自分にもまるで心当たりがないが会いに来るように言われた、人違いかなにかの連絡ミスだと思うと、しどろもどろに説明すると、彼女は自分も昨日、ウィルフォード様に会いに行くことを快諾していただけたと語った。
「一緒に参りましょう」と言うのを、万一悪い話だと迷惑をかけるからと思って遠慮して断ったのに、ついてきていたらしい。

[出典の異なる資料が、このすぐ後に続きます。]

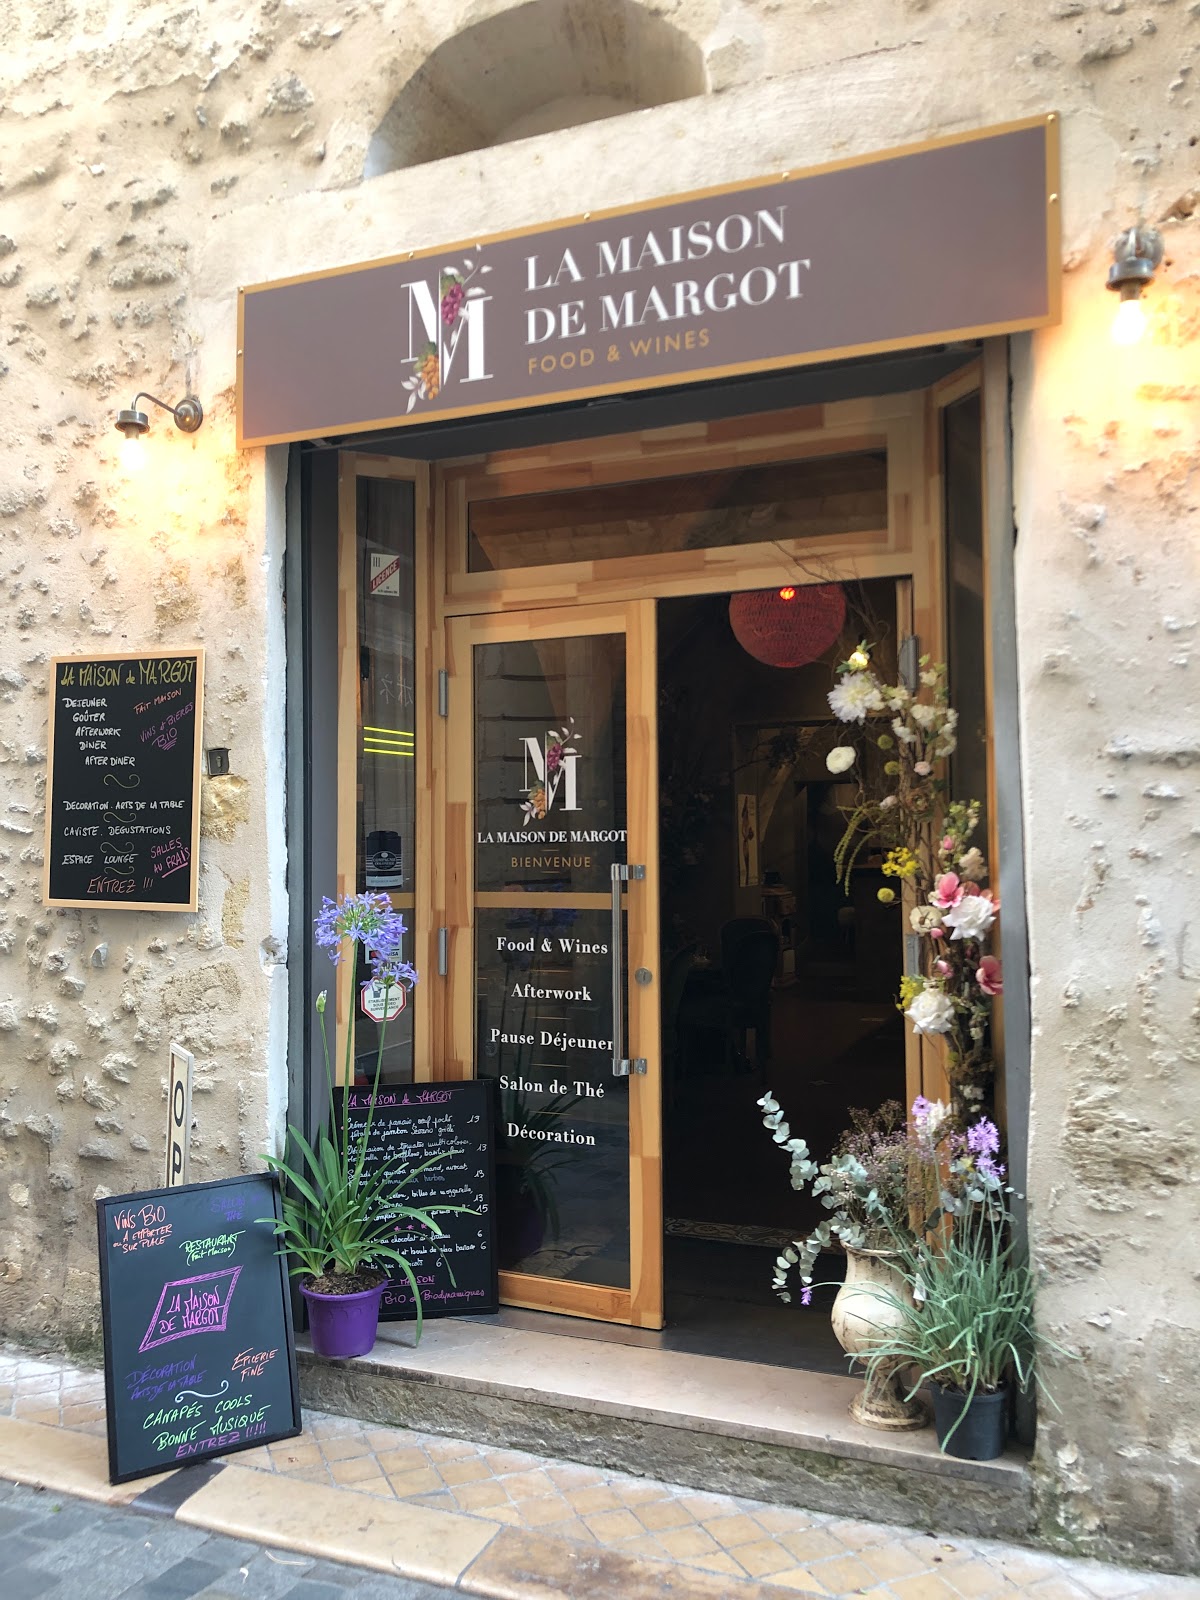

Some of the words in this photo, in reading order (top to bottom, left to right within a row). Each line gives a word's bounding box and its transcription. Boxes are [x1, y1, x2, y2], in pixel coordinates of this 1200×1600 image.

[524, 247, 586, 292] LA
[596, 205, 789, 278] MAISON
[524, 300, 586, 345] DE
[599, 259, 811, 331] MARGOT
[528, 348, 595, 375] FOOD
[607, 344, 620, 362] &
[630, 328, 711, 358] WINES
[372, 560, 398, 590] LICENCE
[126, 669, 136, 685] de
[138, 659, 197, 686] MARGOT
[62, 697, 108, 709] DEJEUNER
[75, 727, 121, 738] AFTERWORK
[85, 756, 108, 766] AFTER
[115, 800, 134, 810] ARTS
[135, 801, 146, 810] DE
[150, 801, 158, 809] LA
[159, 800, 185, 809] TABLE
[477, 831, 494, 843] LA
[496, 831, 546, 843] MAISON
[549, 830, 567, 843] DE
[570, 830, 627, 842] MARGOT
[62, 854, 94, 866] ESPACE
[104, 853, 139, 864] LOUNGE
[511, 856, 591, 868] BIENVENUE
[87, 876, 136, 894] ENTREZ
[496, 936, 535, 952] Food
[541, 937, 552, 952] &
[558, 938, 608, 954] Wines
[511, 983, 592, 1001] Afterwork
[490, 1028, 535, 1045] Pause
[540, 1031, 613, 1052] Déjeuner
[499, 1075, 544, 1093] Salon
[549, 1079, 568, 1095] de
[573, 1081, 605, 1098] Thé
[381, 1127, 409, 1141] jambon
[507, 1122, 596, 1146] Décoration
[477, 1143, 488, 1152] 13
[473, 1169, 485, 1178] 13
[473, 1194, 484, 1202] 13
[476, 1204, 489, 1213] 15
[122, 1241, 138, 1254] SUR
[141, 1234, 172, 1248] PLACE
[178, 1230, 246, 1252] RESTAURANT
[480, 1241, 486, 1250] 6
[436, 1258, 442, 1267] 6
[166, 1293, 181, 1314] LA
[421, 1289, 485, 1305] Biodynamiques
[159, 1315, 176, 1334] DE
[182, 1306, 225, 1328] MARGOT
[215, 1394, 253, 1414] COOLS
[152, 1420, 207, 1451] BONNE
[175, 1432, 241, 1458] ENTREZ

もしこれで、ウィルフォードの要件が、怨恨だとか、弾劾だとか、身に覚えはないが、シャロンを責めるものだった場合、縁もゆかりもないご令嬢にとんだ濡れ衣を着せてしまうことになる。
シャロンは勇気を振り絞って、ウィルフォードじゃない方の優しそうな人に本日の呼び出しの理由を尋ねた。
「え?なんで呼ばれたかって?ねー、なんでお前、この子ら呼んだの?」
優雅な仕草で茶器を扱っていたウィリアム・ウィルフォードは、こちらを見ようともせずに物憂げに答えた。
「なに、大したことじゃない。そいつが優秀な魔術士だという話を聞いたので、どれほどの腕か見せてもらおうと思ったのだ」
「ええっ?!お前が他人の魔法の腕を気にすることなんてあるの?!」
優しそうな御学友はヘーゼルの目を見開いて、オーバーリアクション気味に仰け反った。
「君、どんな天才?」
「まぁ。お恥ずかしいですわ」
恥ずかしいと口では言うものの実力があることを否定しようとはしないお嬢様と、感心する御学友と、致命的な誤解をしているらしいウィルフォードを前に、シャロン・テンプテートは、名乗るタイミングを完全に失った。